Das geplante Konzert des kroatischen Rockers «Thompson» (bürgerlich Marko Perkovic) sorgt für Diskussionsstoff. Nun hat der zuständige Ticket-Händler Starticket die Notbremse gezogen und den Verkauf per sofort gestoppt (BLICK berichtete).

Die Konzertveranstalter verteidigen «ihren» Sänger. Seine Lieder handelten bloss von «Liebe, Familie und der Heimat».
Foto: imago/Pixsell

Dass die Wogen vor Thompson-Konzerten hochgehen ist fast schon normal. Seine nationalistischen Äusserungen in einigen Liedern sorgen für rote Köpfe (BLICK berichtete). 2009 fiel ein geplanter Auftritt in Kriens LU ins Wasser. Aufgrund des Antirassismusgesetzes verweigerte ihm das Bundesamt für Polizei die Einreise.

Das letzte Konzert 2015 in Fribourg verlief offenbar friedlich, doch die Diskussionen bleiben auch diesmal nicht aus. Für die Organisatoren von cronight.ch ist das unverständlich.

«Marko Perković ist weder ein Faschist, Volkshetzer noch Hasssänger», schreiben sie in einer Mitteilung. Sie erinnern an den Krieg zwischen Serben und Kroaten zu Beginn der 90er-Jahre. Dieser «historische Kontext» müsse bei der Person Perkovics beachtet werden.

Er stamme aus einem Dorf, das sich an der Frontlinie befunden habe, deshalb habe er unter den serbischen Attacken «besonders stark» gelitten. Darum habe er sich der «Verteidigungsarmee angeschlossen» und versucht, mit seinen Liedern «die Moral der zahlenmässig stark unterlegenen kroatischen Armee aufrechtzuerhalten».

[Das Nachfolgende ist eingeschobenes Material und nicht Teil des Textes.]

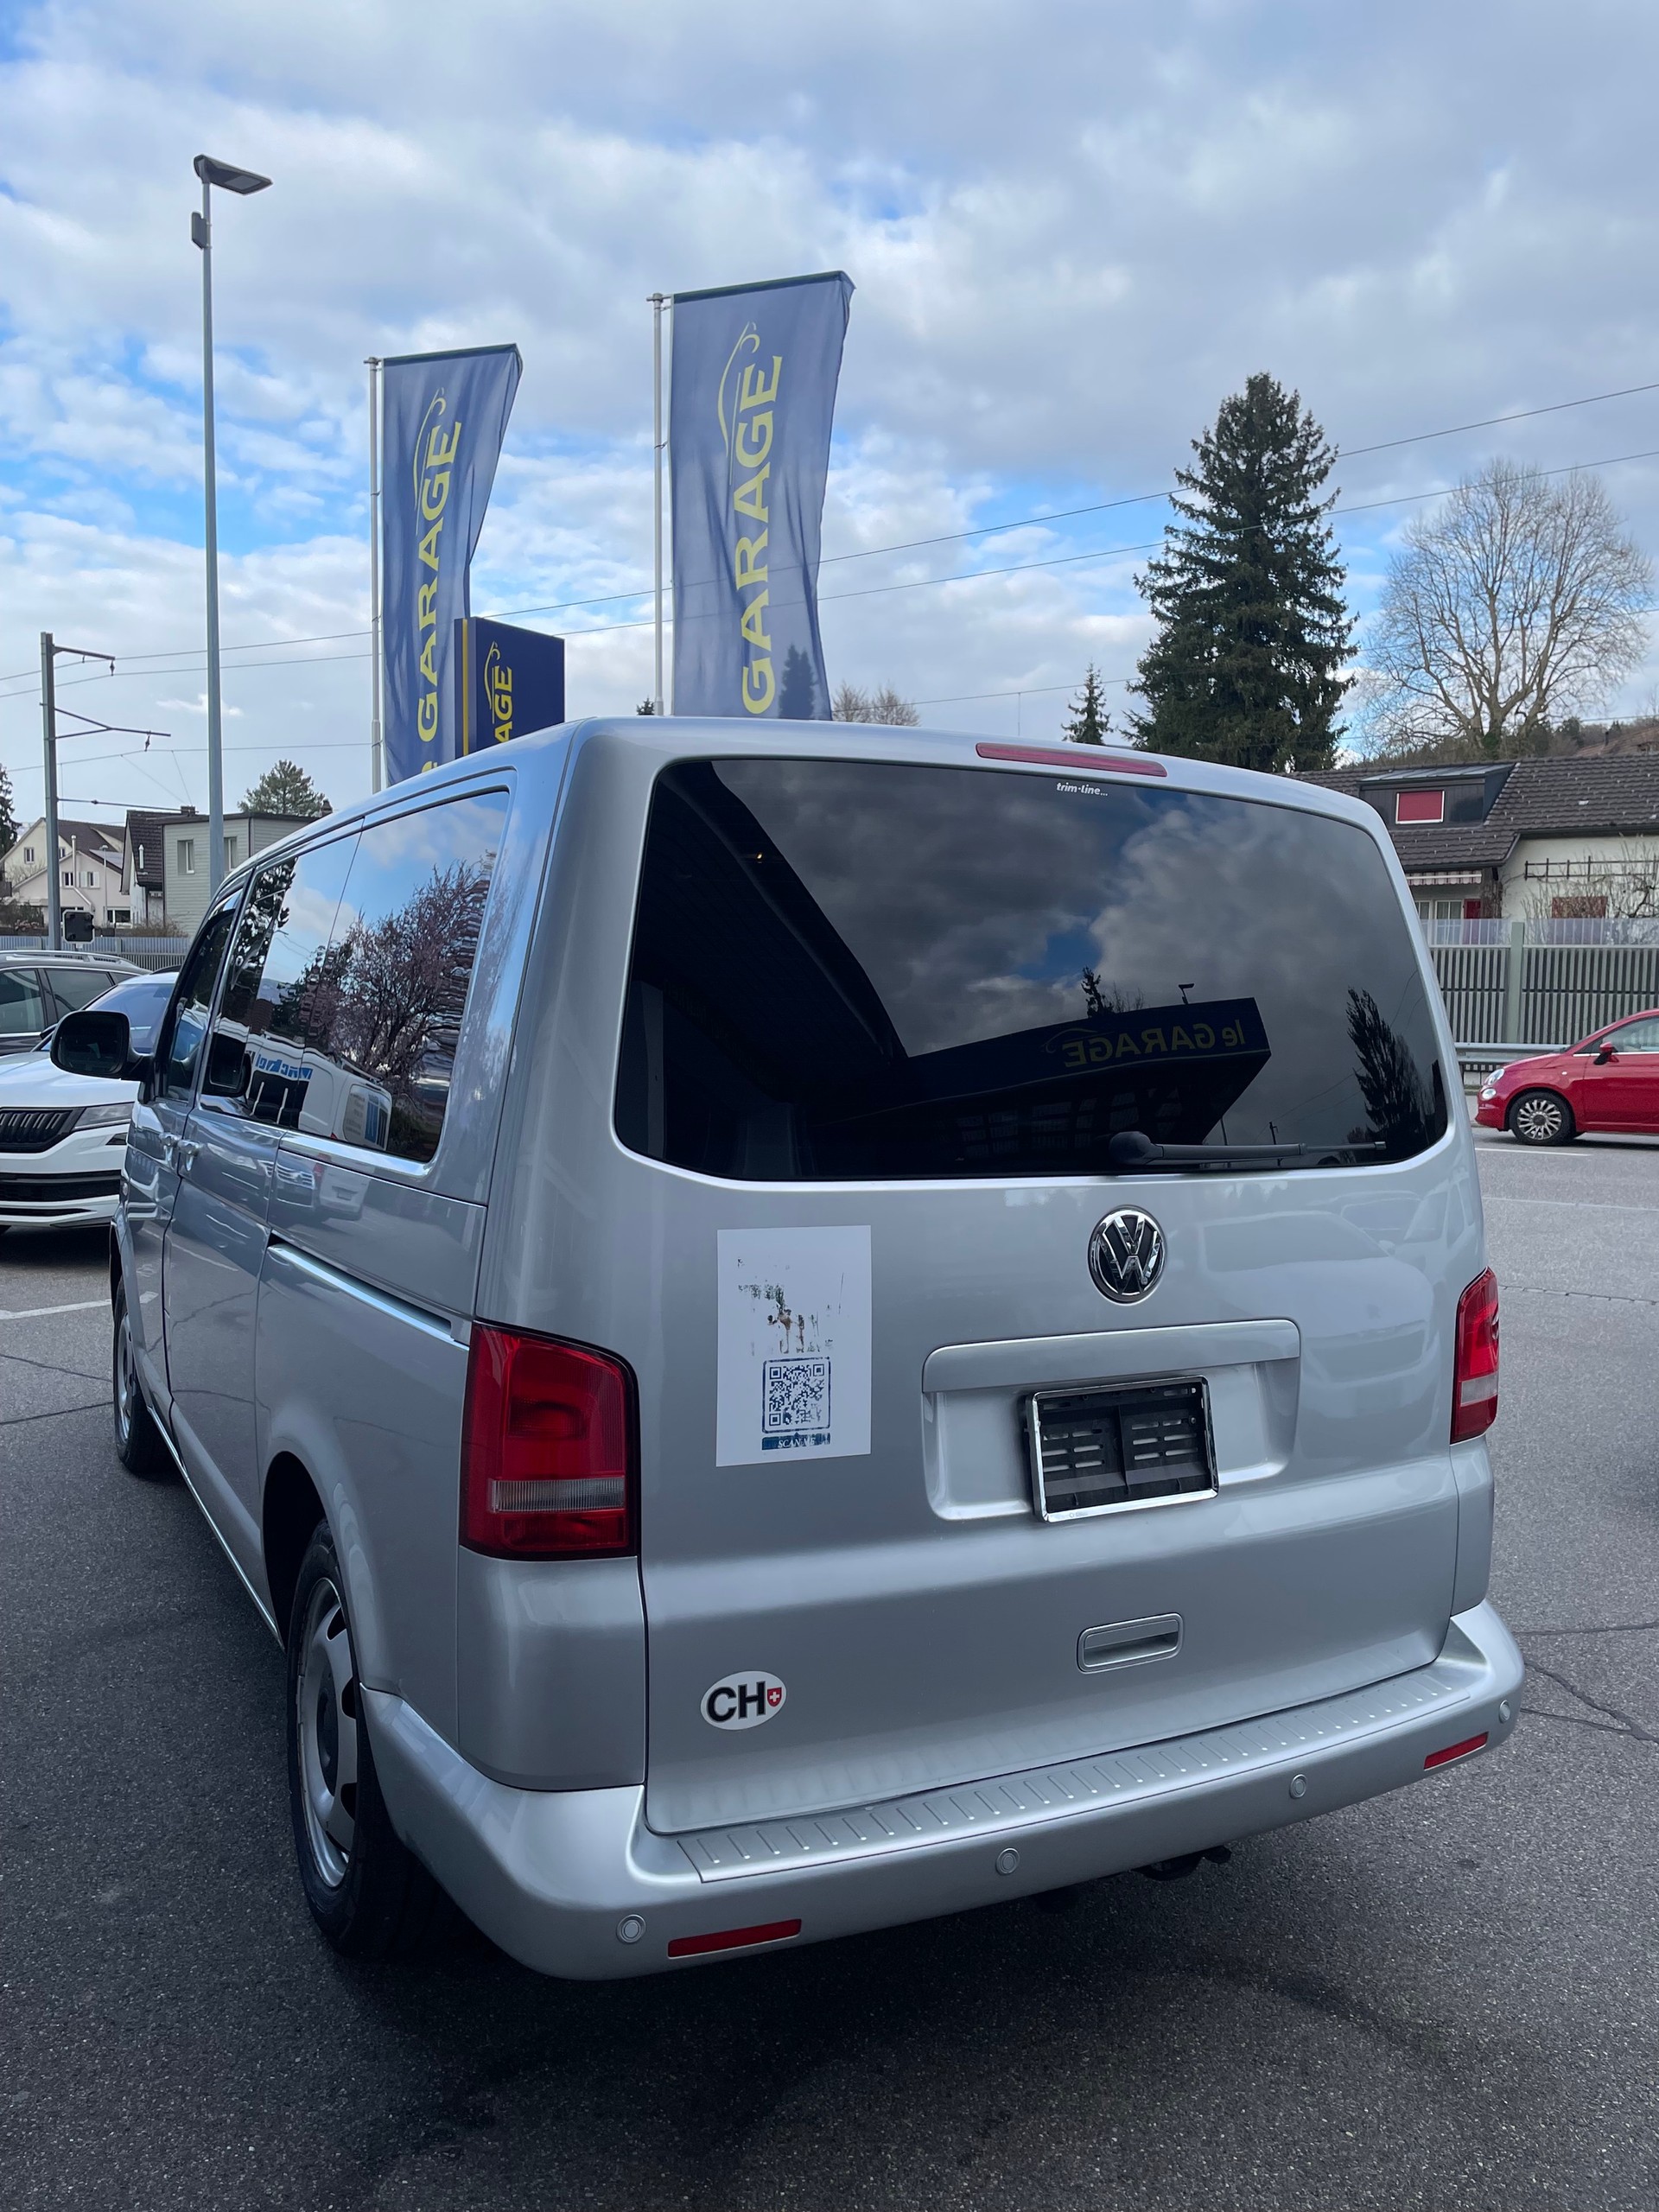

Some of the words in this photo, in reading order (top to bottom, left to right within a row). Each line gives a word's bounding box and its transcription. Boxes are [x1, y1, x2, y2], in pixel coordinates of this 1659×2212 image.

[417, 420, 462, 743] GARAGE
[733, 355, 783, 715] GARAGE
[494, 665, 513, 743] AGE
[706, 1680, 766, 1724] CH

Aus dieser Zeit stamme auch das Lied, über welches sich Medien immer wieder ausliessen, «ohne vorher ernste Recherchen betrieben zu haben». Die Konzert-Veranstalter sprechen damit wohl auf «Jasenovac i Gradiska Stara» an, das Morde des faschistischen Ustascha-Regimes verherrlicht.

Heute sei Thompson aber ganz anders. «Nach Beendigung des Krieges widmete sich der Inhalt seiner Lieder nur noch der Liebe, Familie und der Heimat.» Seine Songs seien besonders bei der kroatischen Diaspora beliebt, «da sie bei Ihnen starke Heimatgefühle auslösen».

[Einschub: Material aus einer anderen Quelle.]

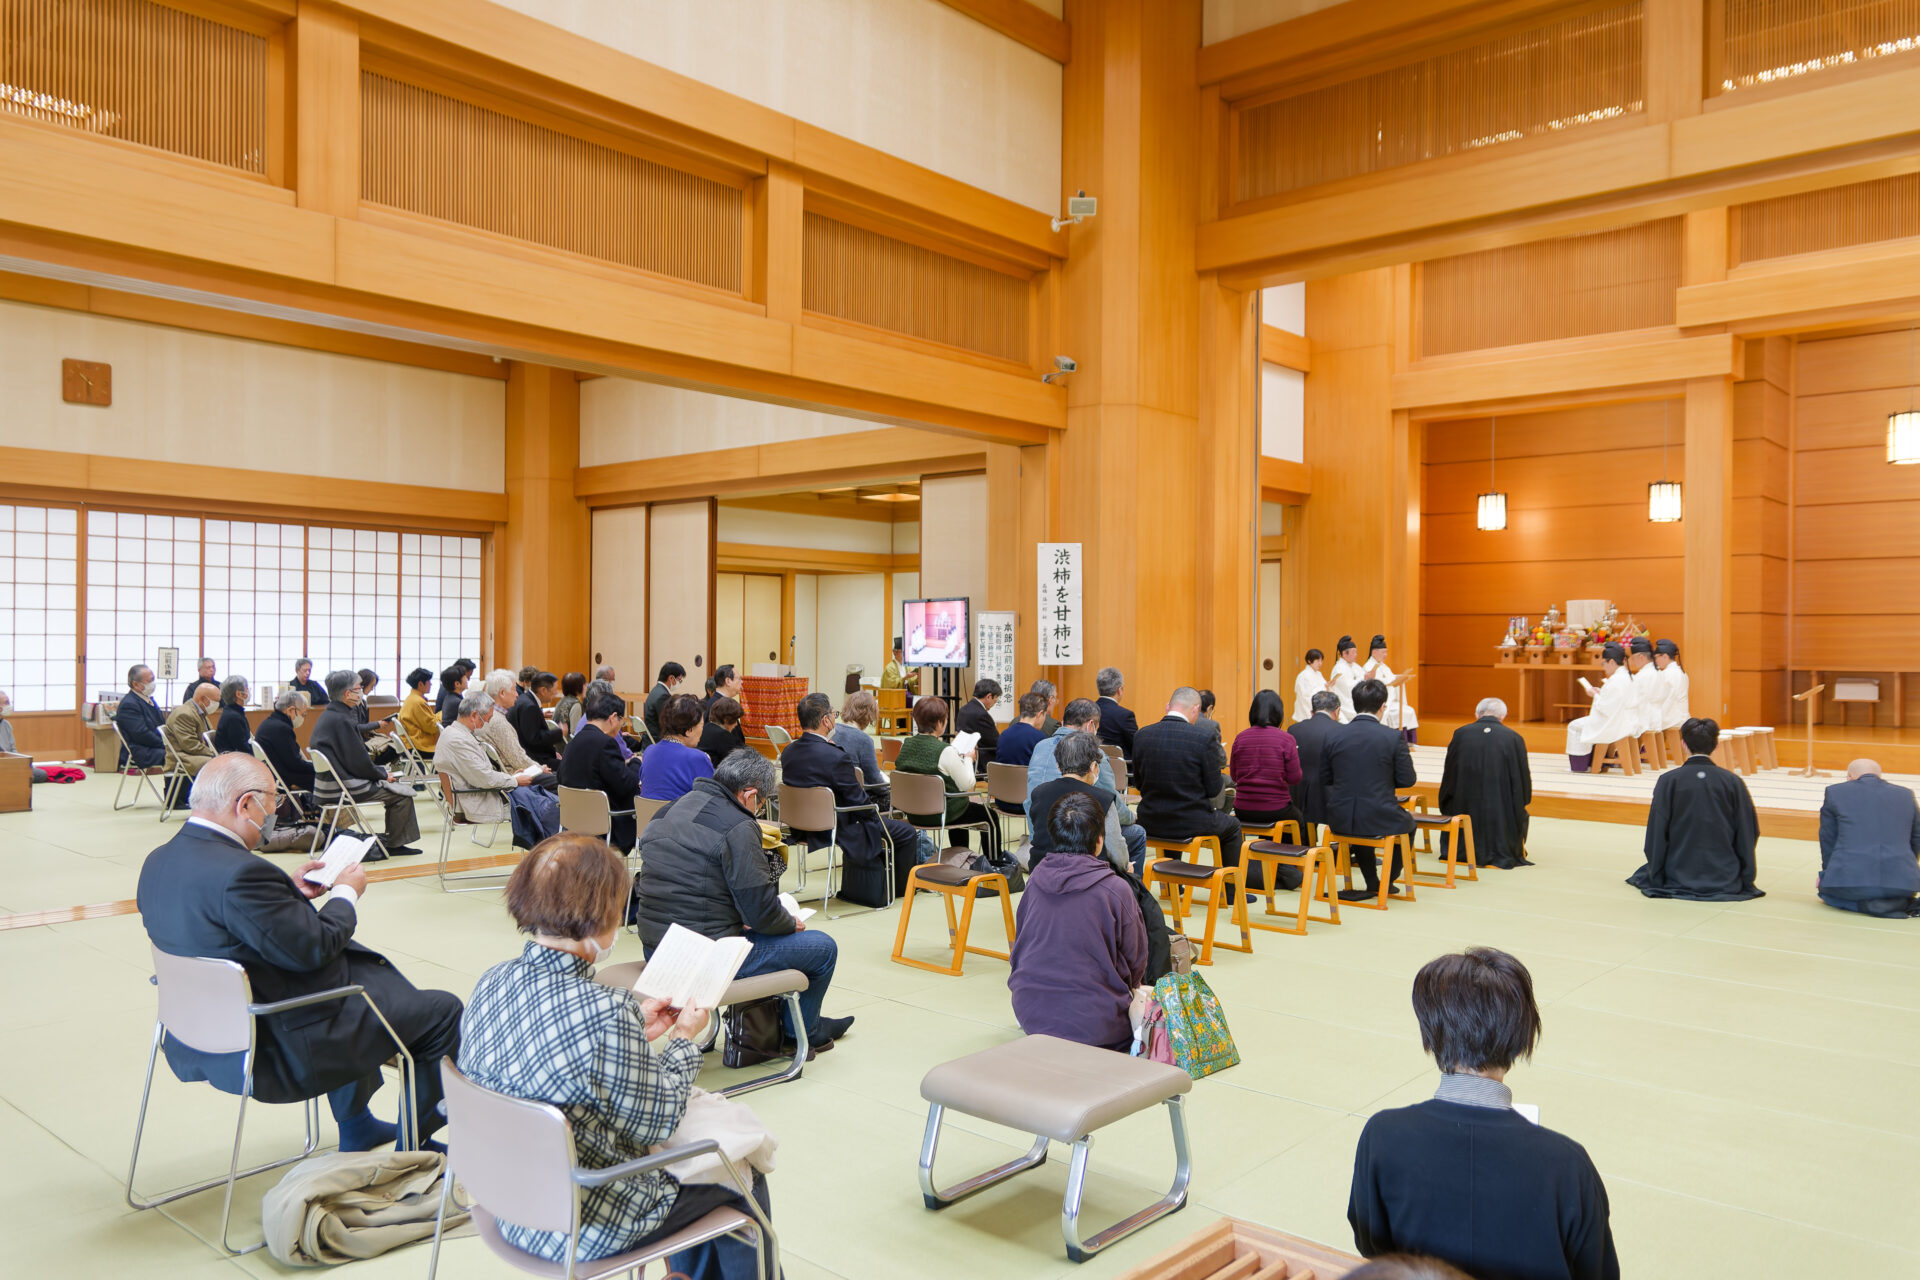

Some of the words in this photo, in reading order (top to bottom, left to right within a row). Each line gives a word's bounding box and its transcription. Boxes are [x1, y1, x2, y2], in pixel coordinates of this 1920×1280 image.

[1053, 549, 1071, 658] 渋柿を甘柿に
[1004, 621, 1013, 703] 本部広前の御祈念

Diese Einschätzung teilt Osteuropa-Historiker Stefan Dietrich nicht. Thompson stehe für einen «extremen kroatischen Nationalismus», sagt er im Interview mit der «NZZ». Mehrmals habe der Musiker Verbrechen des sogenannten Ustascha-Staats verharmlost.

Dass er bei vielen Kroaten beliebt sei, habe mit der mangelnden Aufarbeitung der eigenen Vergangenheit zu tun, glaubt der Histroiker. Bei einem Konzert im letzten Jahr, das im Fernsehen übertragen wurde, habe die Masse «Ubij Srbina» geschrien, was so viel heisse wie «Töte die Serben».

Perkovic verknüpfe Ereignisse aus dem kroatisch-serbischen Krieg der 90er Jahre mit dem faschistischen Ustascha-Staat im Zweiten Weltkrieg. «Er erzeugt ein Wir-Gefühl und grenzt sich von den «Anderen» ab», so Dietrich. Die Anderen seien die «falschen Kroaten», die Juden und Serben.

Einem grossen Teil des Publikums sei das aber nicht bewusst, so der Experte. Er findet aber den Auftritt in Schlieren «bedenklich».

Dem halten die Organisatoren entgegen. Sie erwarten einen «friedlichen und ausgelassenen musikalischen Abend».